I went out to the kitchen to get a coffee cake I had put in the oven, and they were whispering to each other when I came back in. The whispering, though, seemed good-natured, and I gave them the coffee cake without mentioning it. I was happy they were here. My wife is a slender, petite woman who bought all her clothes in the children’s sections of department stores and said they were the best clothes you could buy because they were made for hard wearing. But she didn’t have much presence in the house; there just wasn’t enough of her to occupy the space — not that the house was so big. In /act it was very small — a prefab Gainsborough had had pulled in on a trailer. But these women seemed to fill everything and to make it seem like Thanksgiving was already here. Being that big never seemed to have a good side before, but now it did.
“Do you ever go to the dogs?” Phyllis asked with part of her coffee cake in her mouth and part floating in her mug.
“I do,” I said. “How did you know that?”
“Phyllis says she thinks she’s seen you at the dogs a few times,” Bonnie said and smiled.
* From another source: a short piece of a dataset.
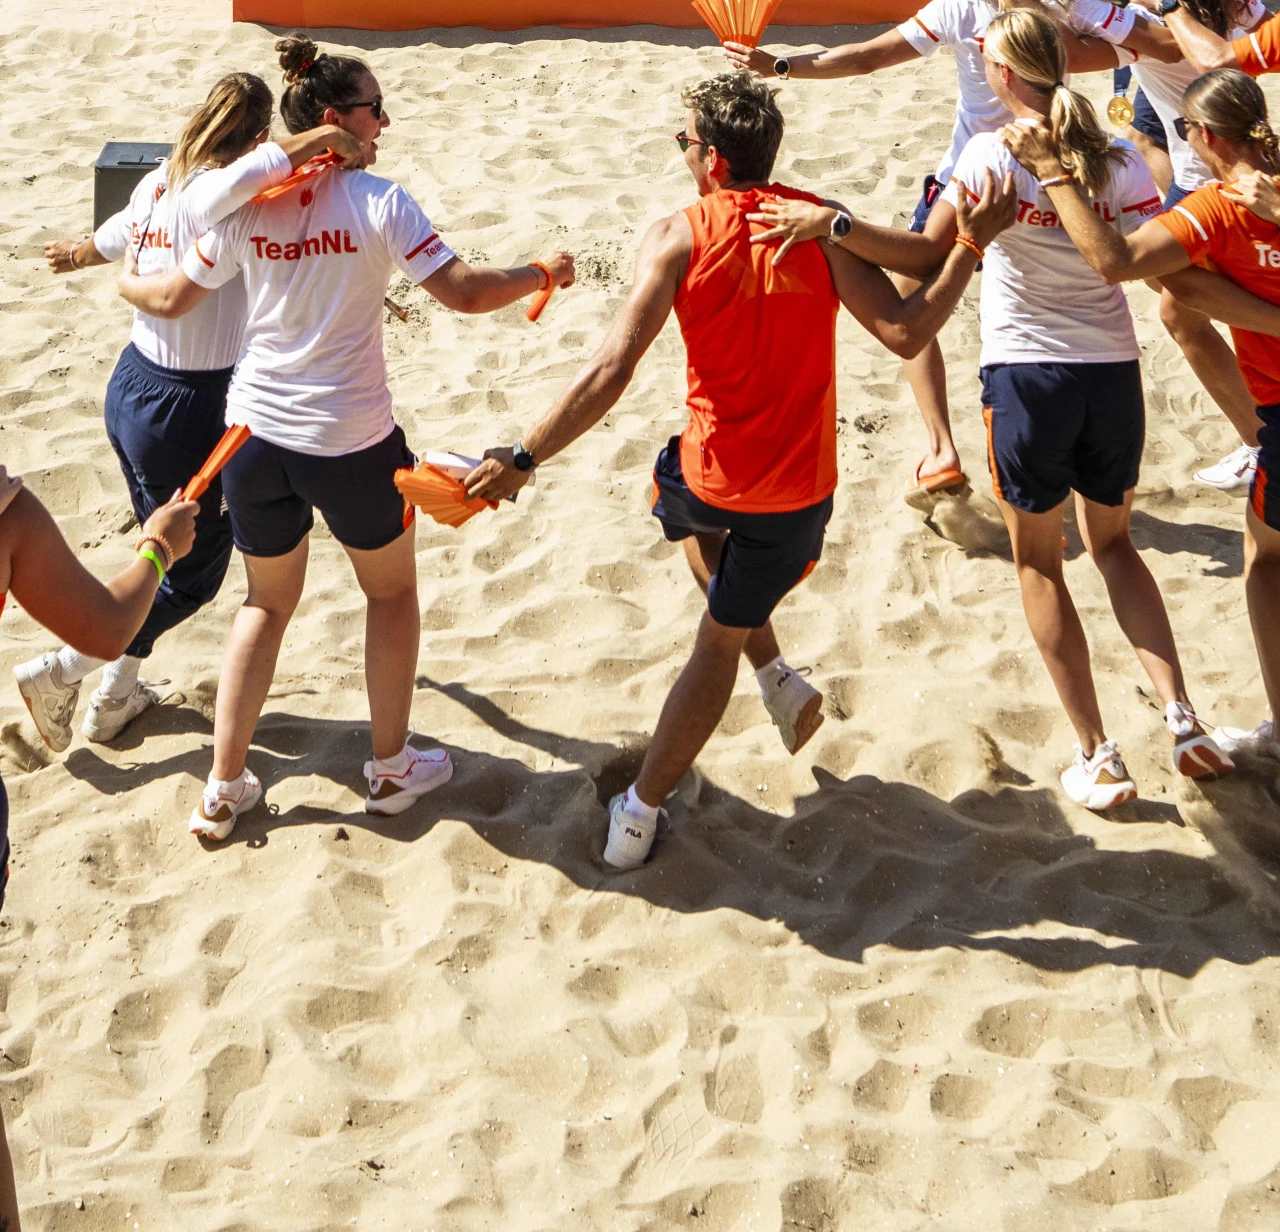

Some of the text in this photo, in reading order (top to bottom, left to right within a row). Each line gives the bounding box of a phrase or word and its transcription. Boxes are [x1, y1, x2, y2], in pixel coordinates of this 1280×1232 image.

[250, 229, 357, 261] TeamNL
[777, 671, 792, 688] FILA
[625, 826, 642, 839] FILA
“I just bet the quinellas,” Phyllis said. “But Bon will bet anything, won’t you, Bon? Trifectas, daily doubles, anything at all. She doesn’t care.”
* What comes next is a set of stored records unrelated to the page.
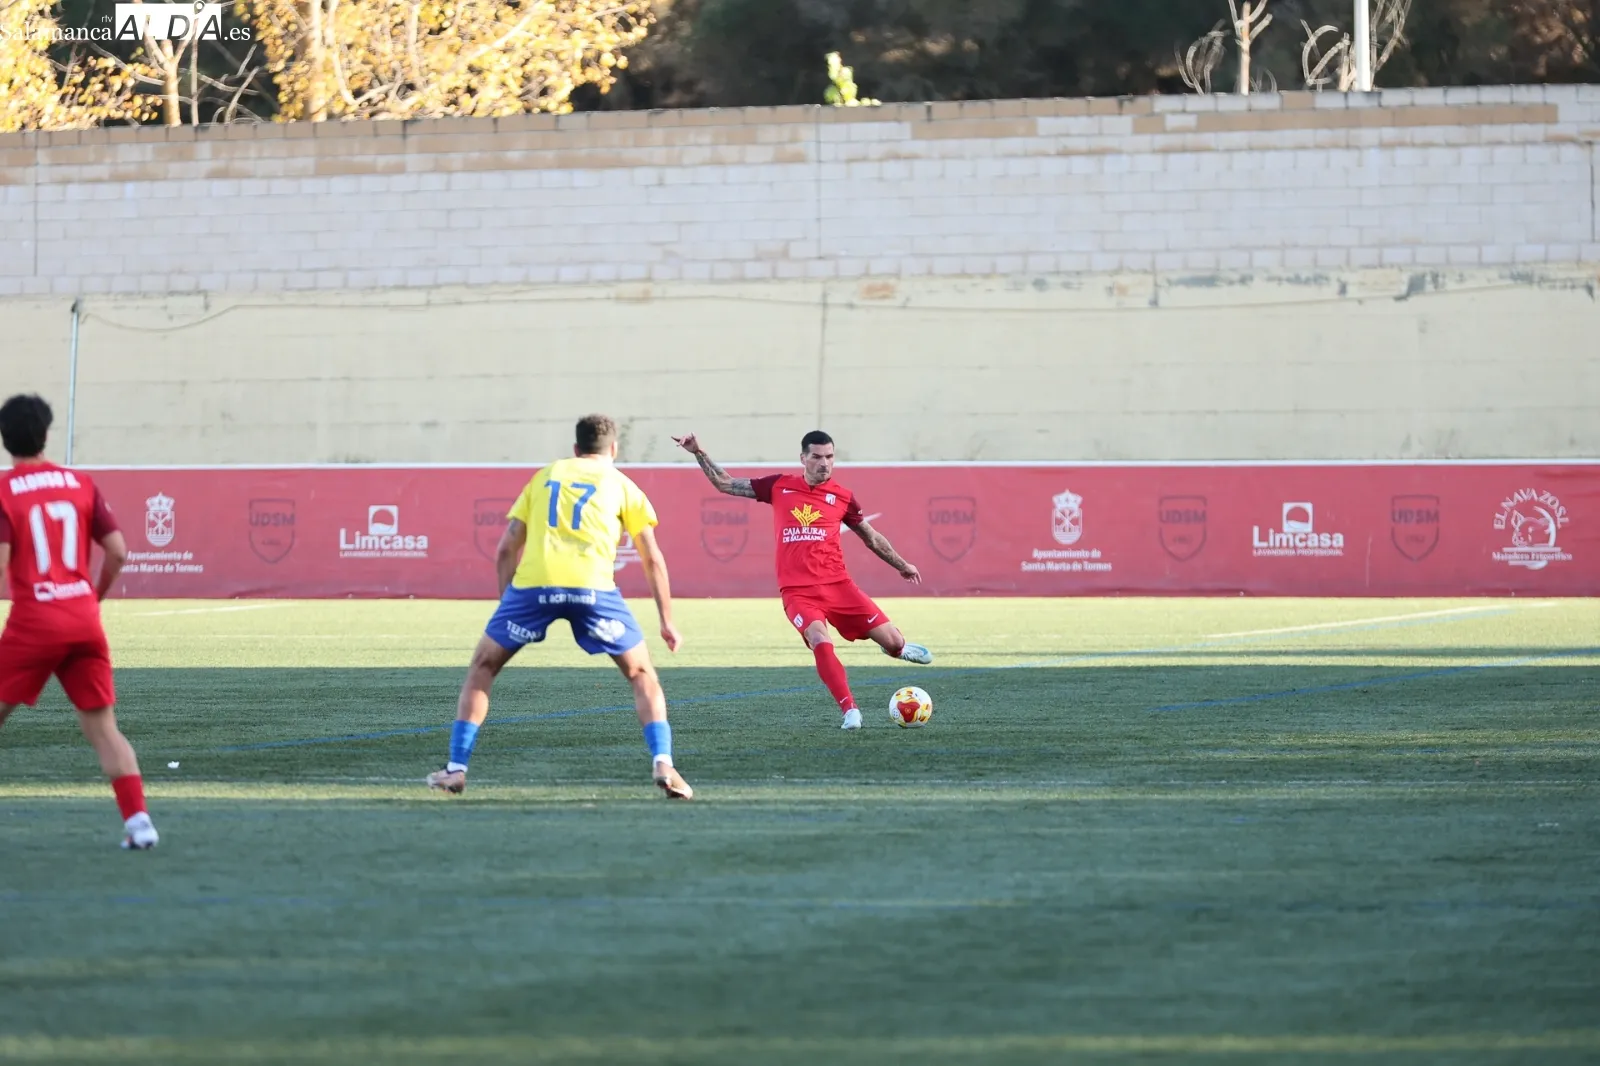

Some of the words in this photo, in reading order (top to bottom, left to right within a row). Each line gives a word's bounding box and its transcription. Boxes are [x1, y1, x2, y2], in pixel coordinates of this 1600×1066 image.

[544, 479, 597, 530] 17
[250, 512, 295, 527] UDSM
[475, 511, 508, 526] UDS
[929, 511, 974, 525] UDSM
[1160, 510, 1207, 524] UDSM
[1392, 509, 1439, 523] UDSM
[29, 501, 78, 575] 17
[339, 528, 428, 550] Limcasa
[783, 527, 800, 536] CAJA
[802, 527, 828, 537] RURAL
[1253, 525, 1344, 548] Limcasa
[127, 551, 181, 562] Ayuntamiento
[182, 551, 193, 560] de
[1032, 548, 1090, 560] Ayuntamiento
[1091, 548, 1101, 558] de
[140, 563, 164, 573] Marta
[165, 563, 175, 573] de
[175, 563, 204, 573] Tormes
[1021, 561, 1046, 571] Santa
[1047, 561, 1071, 571] Marta
[1072, 561, 1082, 571] de
[1083, 561, 1112, 571] Tormes
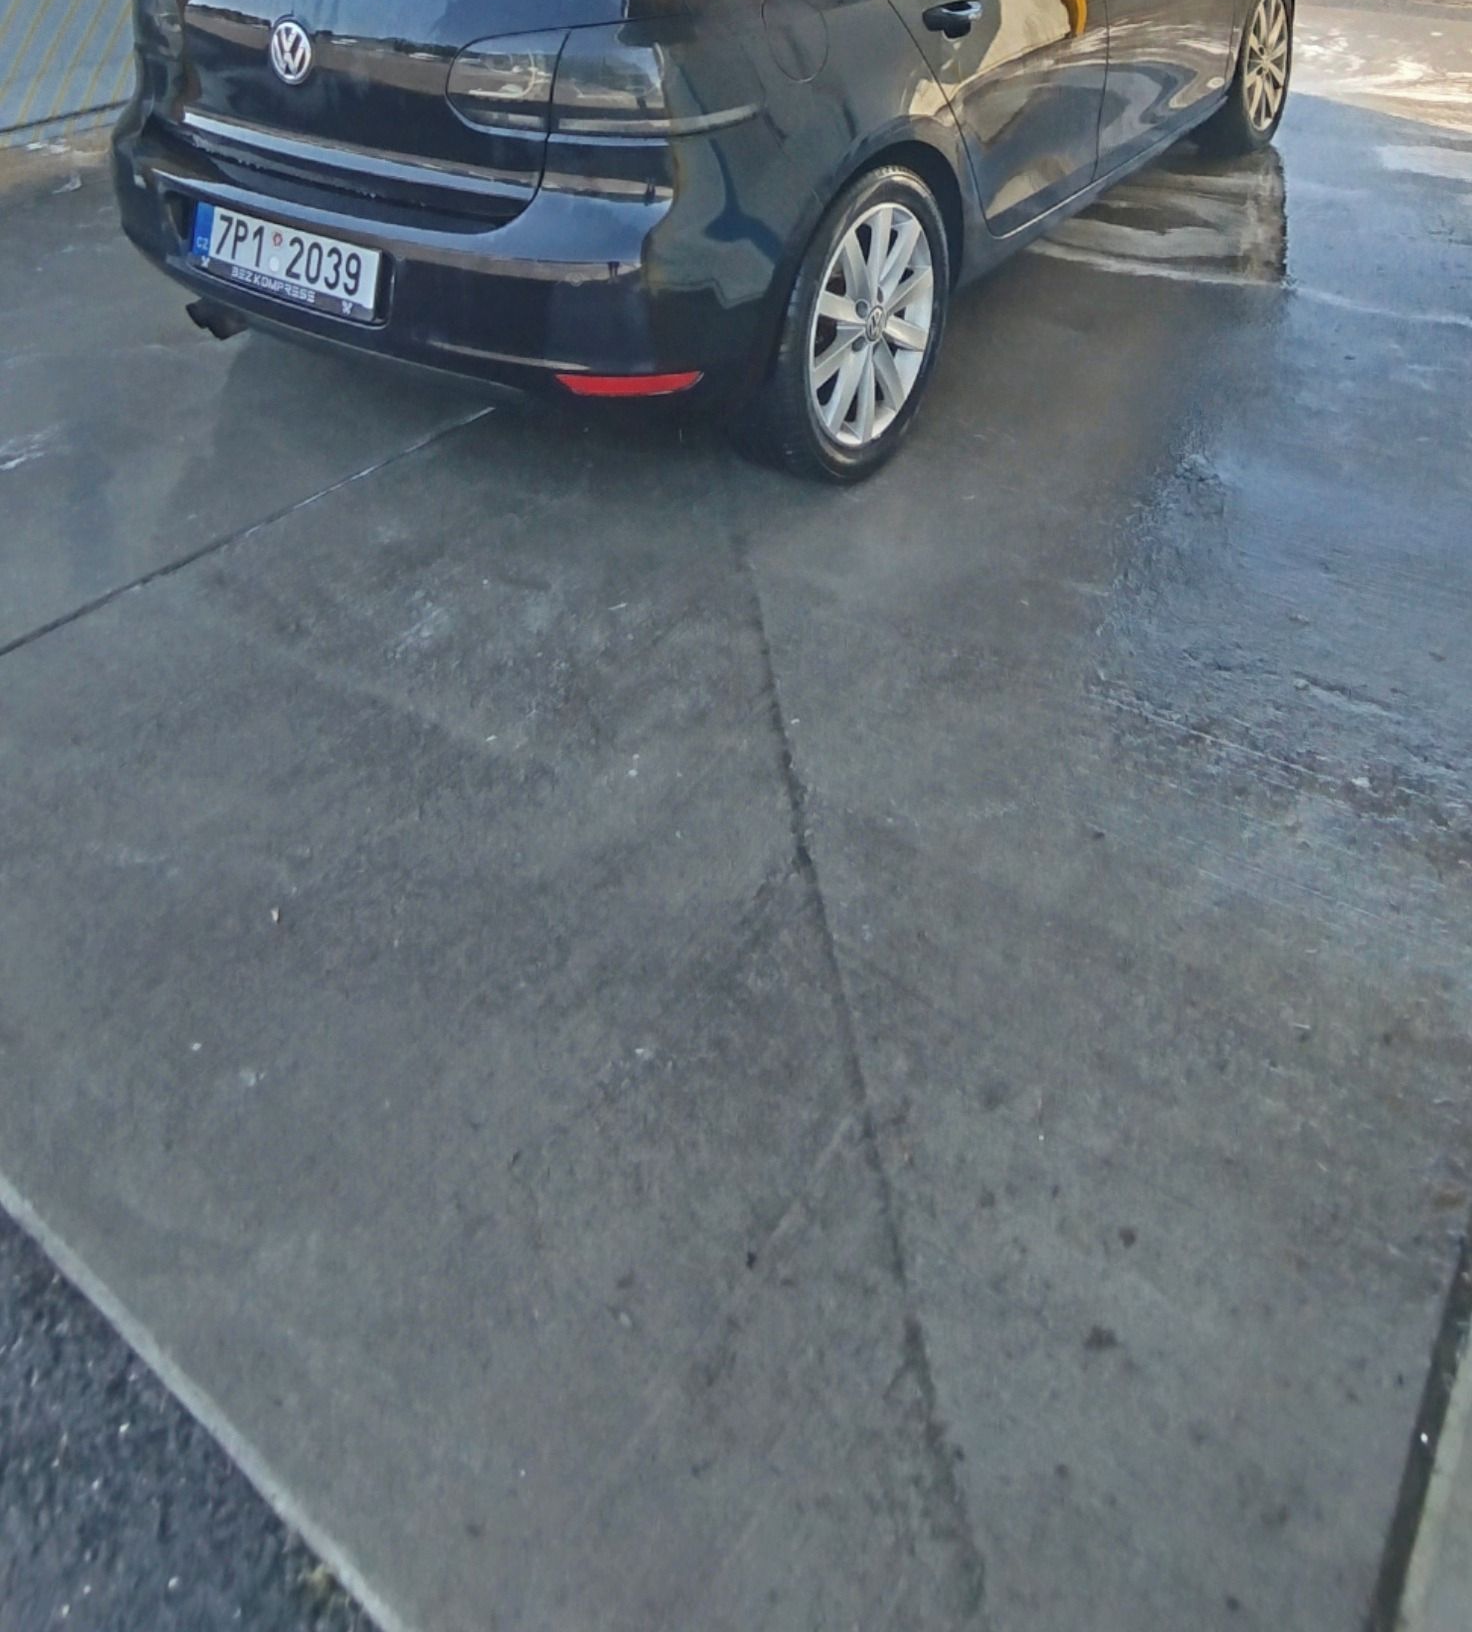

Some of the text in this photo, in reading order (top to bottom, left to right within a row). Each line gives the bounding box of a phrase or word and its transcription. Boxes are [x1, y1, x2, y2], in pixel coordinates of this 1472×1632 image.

[196, 236, 209, 251] CZ
[215, 214, 362, 296] 7P1 2039
“I sure will.” Bon smiled again and moved her orange hot-seat cushion from under her seat so that it was on top of the davenport arm. “Phyllis said she thought she saw you with a woman there once, a little, tiny woman who was pretty.”
“Could be,” I said.
“Who was she?” Phyllis said gruffly.
“My wife,” I said.
“Is she here now?” Bon asked, looking pleasantly around the room as if someone was hiding behind a chair.
“No,” I said. “She’s on a trip. She’s gone out West.”
“What happened?” said Phyllis in an unfriendly way. “Did you blow all your money on the dogs and have her bolt?”
“No.” I didn’t like Phyllis nearly as well as Bon, though in a way Phyllis seemed more reliable if it ever came to that, and I didn’t think it ever could. But I didn’t like it that Phyllis knew so much, even if the particulars were not right on the money. We had, my wife and I, moved up from the city. I had some ideas about selling advertising for the dog track in the local restaurants and gas stations, and arranging coupon discounts for evenings out at the dogs that would make everybody some money. I had spent a lot of time, used up my capital. And now I had a basement full of coupon boxes that nobody wanted, and they weren’t paid for. My wife came in laughing one day and said my ideas wouldn’t make a Coke fizz in Denver, and the next day she left in the car and didn’t come back. Later, a fellow had called to ask if I had the service records on the car — which I didn’t — and that’s how I knew it was sold, and who she’d left with.